Task brief →
Every record here should be printed again exactly.

Data →
▼

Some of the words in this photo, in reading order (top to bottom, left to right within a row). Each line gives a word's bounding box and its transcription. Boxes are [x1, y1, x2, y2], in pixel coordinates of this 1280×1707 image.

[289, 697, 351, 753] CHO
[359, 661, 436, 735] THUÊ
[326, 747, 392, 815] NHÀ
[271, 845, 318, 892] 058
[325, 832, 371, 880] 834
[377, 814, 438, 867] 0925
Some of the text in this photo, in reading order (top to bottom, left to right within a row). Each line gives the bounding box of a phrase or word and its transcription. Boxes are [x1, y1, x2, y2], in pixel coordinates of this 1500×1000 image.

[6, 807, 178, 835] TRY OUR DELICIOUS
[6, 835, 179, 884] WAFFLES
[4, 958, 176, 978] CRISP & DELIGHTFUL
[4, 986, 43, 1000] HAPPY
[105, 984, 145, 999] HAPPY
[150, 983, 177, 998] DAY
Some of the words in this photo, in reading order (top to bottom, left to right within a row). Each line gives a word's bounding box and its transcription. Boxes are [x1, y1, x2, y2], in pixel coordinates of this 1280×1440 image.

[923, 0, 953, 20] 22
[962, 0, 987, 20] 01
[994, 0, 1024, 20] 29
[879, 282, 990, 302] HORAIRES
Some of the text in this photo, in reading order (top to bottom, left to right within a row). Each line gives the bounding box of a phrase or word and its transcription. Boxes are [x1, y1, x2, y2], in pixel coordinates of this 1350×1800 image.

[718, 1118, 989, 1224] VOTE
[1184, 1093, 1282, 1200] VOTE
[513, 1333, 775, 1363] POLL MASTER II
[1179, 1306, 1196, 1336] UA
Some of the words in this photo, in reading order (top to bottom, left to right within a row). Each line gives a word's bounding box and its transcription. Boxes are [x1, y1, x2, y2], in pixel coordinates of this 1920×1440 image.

▲

Answer to this task →
Some of the words in this photo, in reading order (top to bottom, left to right within a row). Each line gives a word's bounding box and its transcription. Boxes are [x1, y1, x2, y2], in pixel coordinates of this 1280×1707 image.

[289, 697, 351, 753] CHO
[359, 661, 436, 735] THUÊ
[326, 747, 392, 815] NHÀ
[271, 845, 318, 892] 058
[325, 832, 371, 880] 834
[377, 814, 438, 867] 0925
Some of the text in this photo, in reading order (top to bottom, left to right within a row). Each line gives the bounding box of a phrase or word and its transcription. Boxes are [x1, y1, x2, y2], in pixel coordinates of this 1500×1000 image.

[6, 807, 178, 835] TRY OUR DELICIOUS
[6, 835, 179, 884] WAFFLES
[4, 958, 176, 978] CRISP & DELIGHTFUL
[4, 986, 43, 1000] HAPPY
[105, 984, 145, 999] HAPPY
[150, 983, 177, 998] DAY
Some of the words in this photo, in reading order (top to bottom, left to right within a row). Each line gives a word's bounding box and its transcription. Boxes are [x1, y1, x2, y2], in pixel coordinates of this 1280×1440 image.

[923, 0, 953, 20] 22
[962, 0, 987, 20] 01
[994, 0, 1024, 20] 29
[879, 282, 990, 302] HORAIRES
Some of the text in this photo, in reading order (top to bottom, left to right within a row). Each line gives the bounding box of a phrase or word and its transcription. Boxes are [x1, y1, x2, y2], in pixel coordinates of this 1350×1800 image.

[718, 1118, 989, 1224] VOTE
[1184, 1093, 1282, 1200] VOTE
[513, 1333, 775, 1363] POLL MASTER II
[1179, 1306, 1196, 1336] UA
Some of the words in this photo, in reading order (top to bottom, left to right within a row). Each line gives a word's bounding box and its transcription. Boxes are [x1, y1, x2, y2], in pixel coordinates of this 1920×1440 image.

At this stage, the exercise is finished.